Repeat all of the data word for word so that only the pictures are missing from the copy.
START THE RECORDS
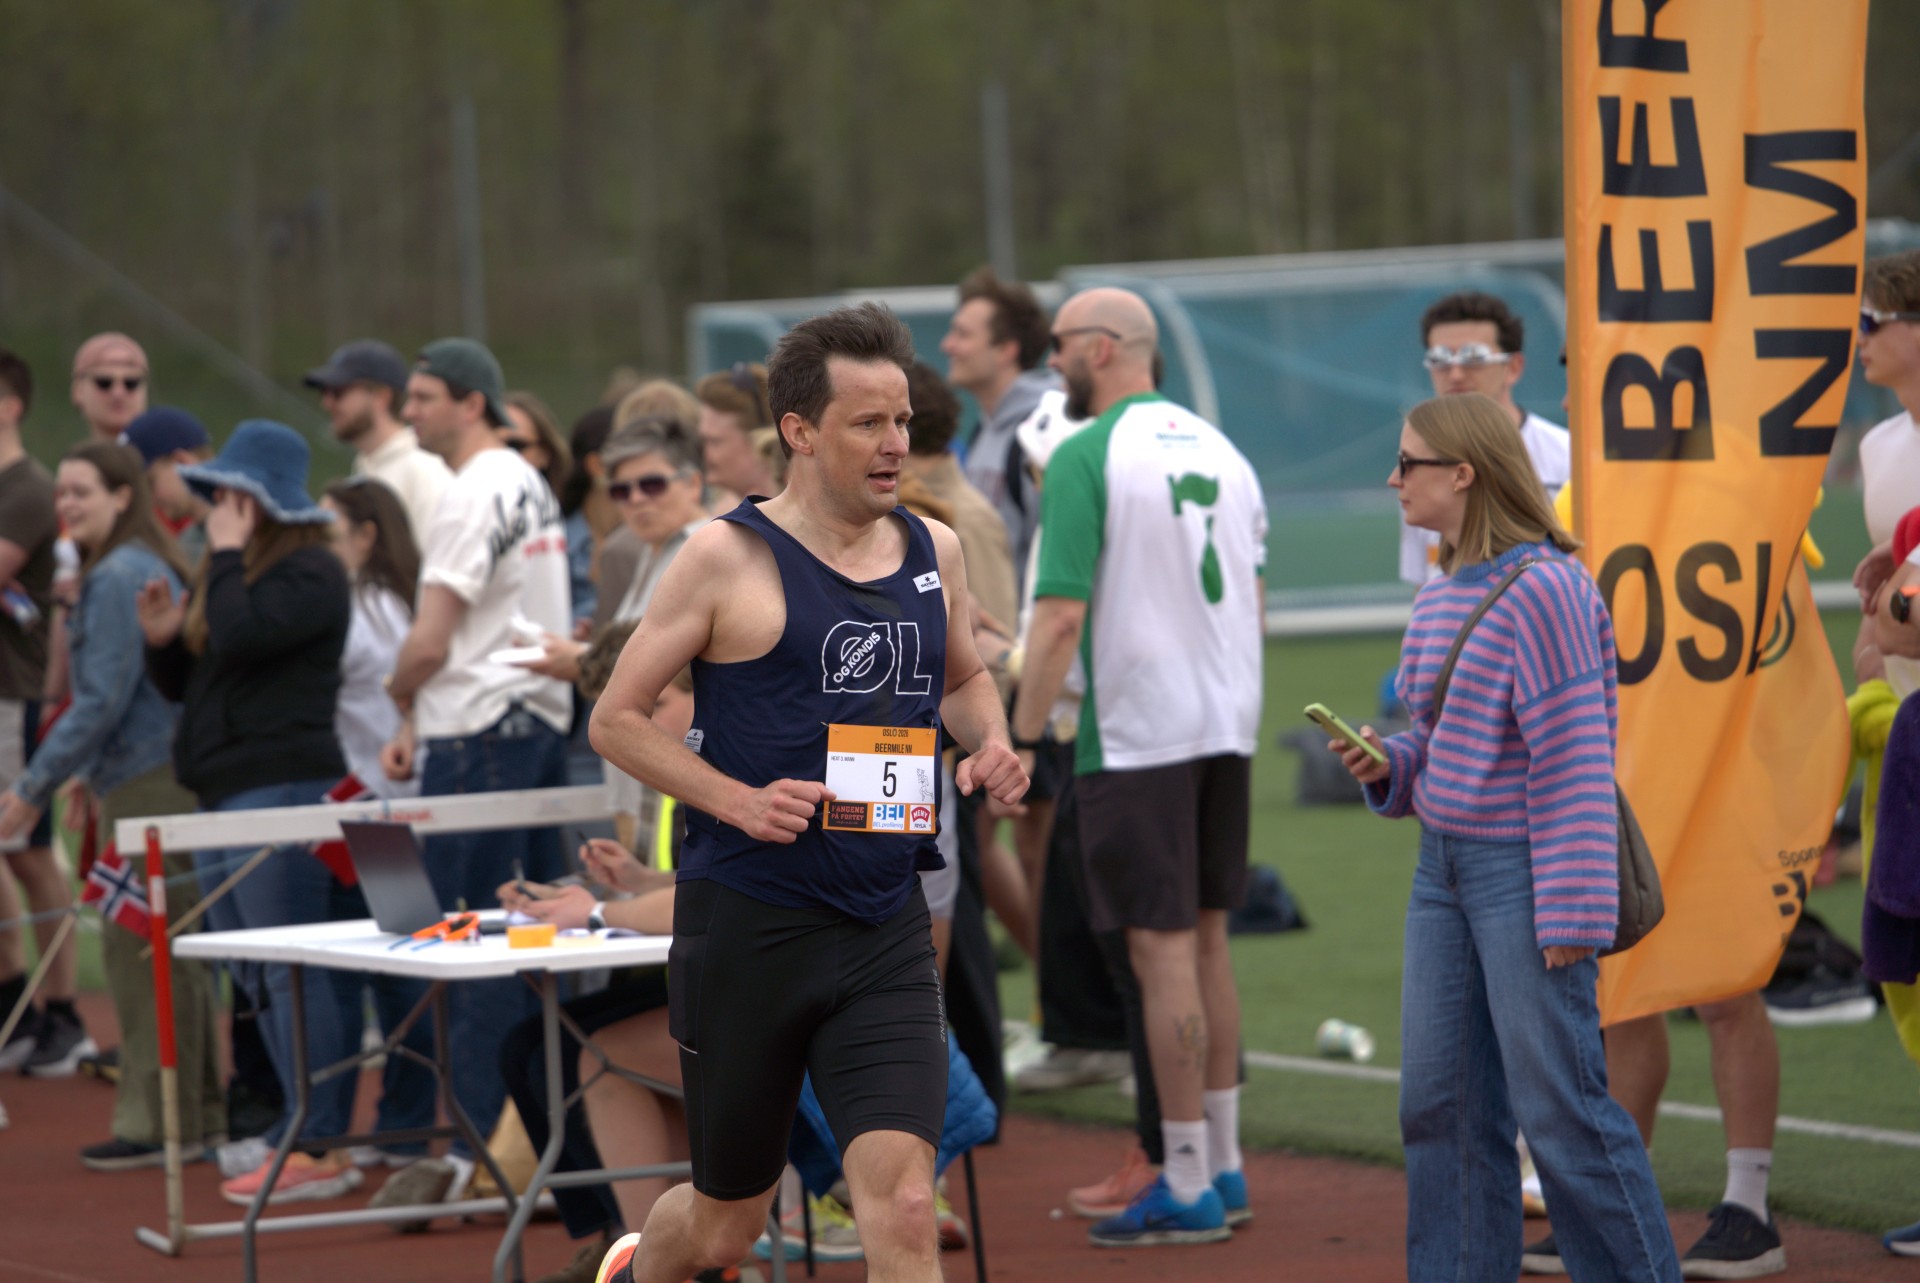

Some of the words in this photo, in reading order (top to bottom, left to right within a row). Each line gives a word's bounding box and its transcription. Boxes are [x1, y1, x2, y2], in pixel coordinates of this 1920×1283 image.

[1597, 0, 1715, 461] BEER
[1744, 129, 1857, 457] NM
[833, 665, 850, 683] OG
[847, 632, 881, 669] KONDIS
[882, 728, 897, 737] OSLO
[874, 742, 904, 753] BEERMILE
[883, 762, 897, 797] 5
[873, 803, 905, 820] BEL
[913, 809, 929, 819] MENY
END THE RECORDS
WRITTEN ANSWER
Some of the words in this photo, in reading order (top to bottom, left to right within a row). Each line gives a word's bounding box and its transcription. Boxes are [x1, y1, x2, y2], in pixel coordinates of this 1920×1283 image.

[1597, 0, 1715, 461] BEER
[1744, 129, 1857, 457] NM
[833, 665, 850, 683] OG
[847, 632, 881, 669] KONDIS
[882, 728, 897, 737] OSLO
[874, 742, 904, 753] BEERMILE
[883, 762, 897, 797] 5
[873, 803, 905, 820] BEL
[913, 809, 929, 819] MENY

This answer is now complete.